Given records START

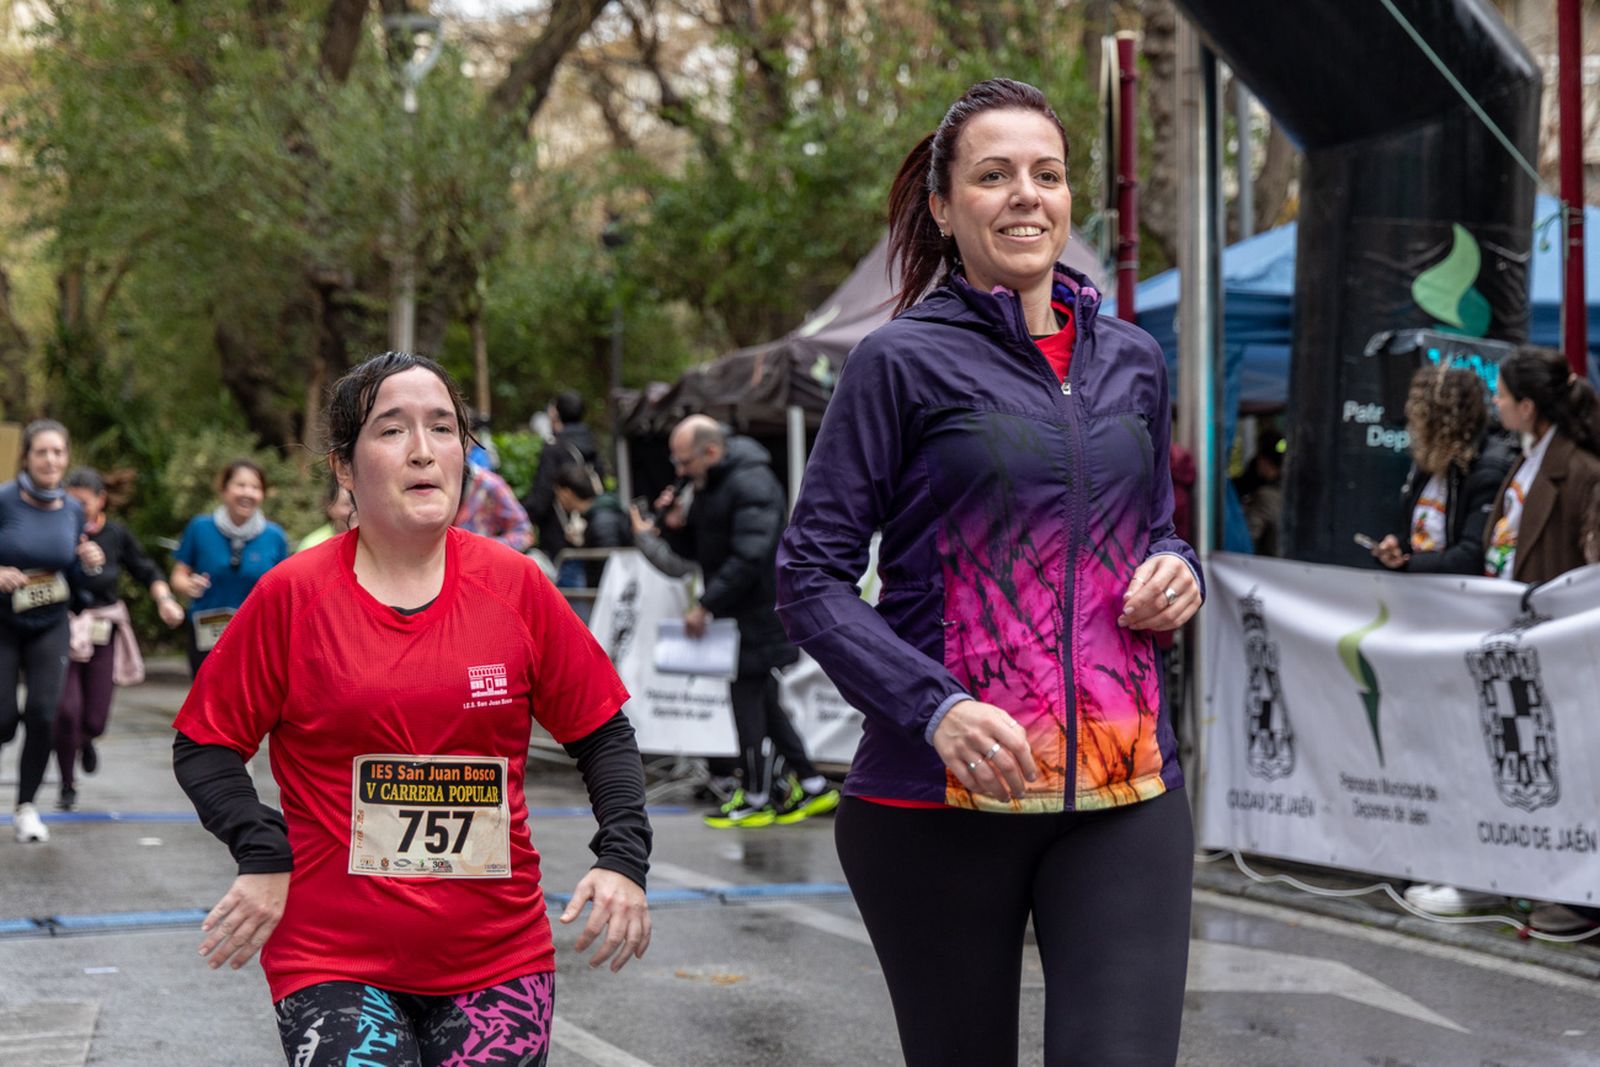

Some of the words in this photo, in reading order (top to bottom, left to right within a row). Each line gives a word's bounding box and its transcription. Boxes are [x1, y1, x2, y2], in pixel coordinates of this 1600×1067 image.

[1343, 400, 1385, 423] Patr
[1366, 425, 1411, 452] Dep
[371, 764, 393, 779] IES
[397, 765, 425, 781] San
[428, 766, 460, 781] Juan
[464, 766, 496, 781] Bosco
[366, 782, 377, 799] V
[380, 783, 445, 802] CARRERA
[449, 785, 499, 803] POPULAR
[397, 809, 475, 854] 757
[1478, 820, 1531, 848] CIUDAD
[1532, 825, 1552, 851] DE
[1554, 823, 1598, 853] JAÉN

Given records END

> _Exercise_
Your output should be the records above, duplicated exactly and picture-free.

> _Output_
Some of the words in this photo, in reading order (top to bottom, left to right within a row). Each line gives a word's bounding box and its transcription. Boxes are [x1, y1, x2, y2], in pixel coordinates of this 1600×1067 image.

[1343, 400, 1385, 423] Patr
[1366, 425, 1411, 452] Dep
[371, 764, 393, 779] IES
[397, 765, 425, 781] San
[428, 766, 460, 781] Juan
[464, 766, 496, 781] Bosco
[366, 782, 377, 799] V
[380, 783, 445, 802] CARRERA
[449, 785, 499, 803] POPULAR
[397, 809, 475, 854] 757
[1478, 820, 1531, 848] CIUDAD
[1532, 825, 1552, 851] DE
[1554, 823, 1598, 853] JAÉN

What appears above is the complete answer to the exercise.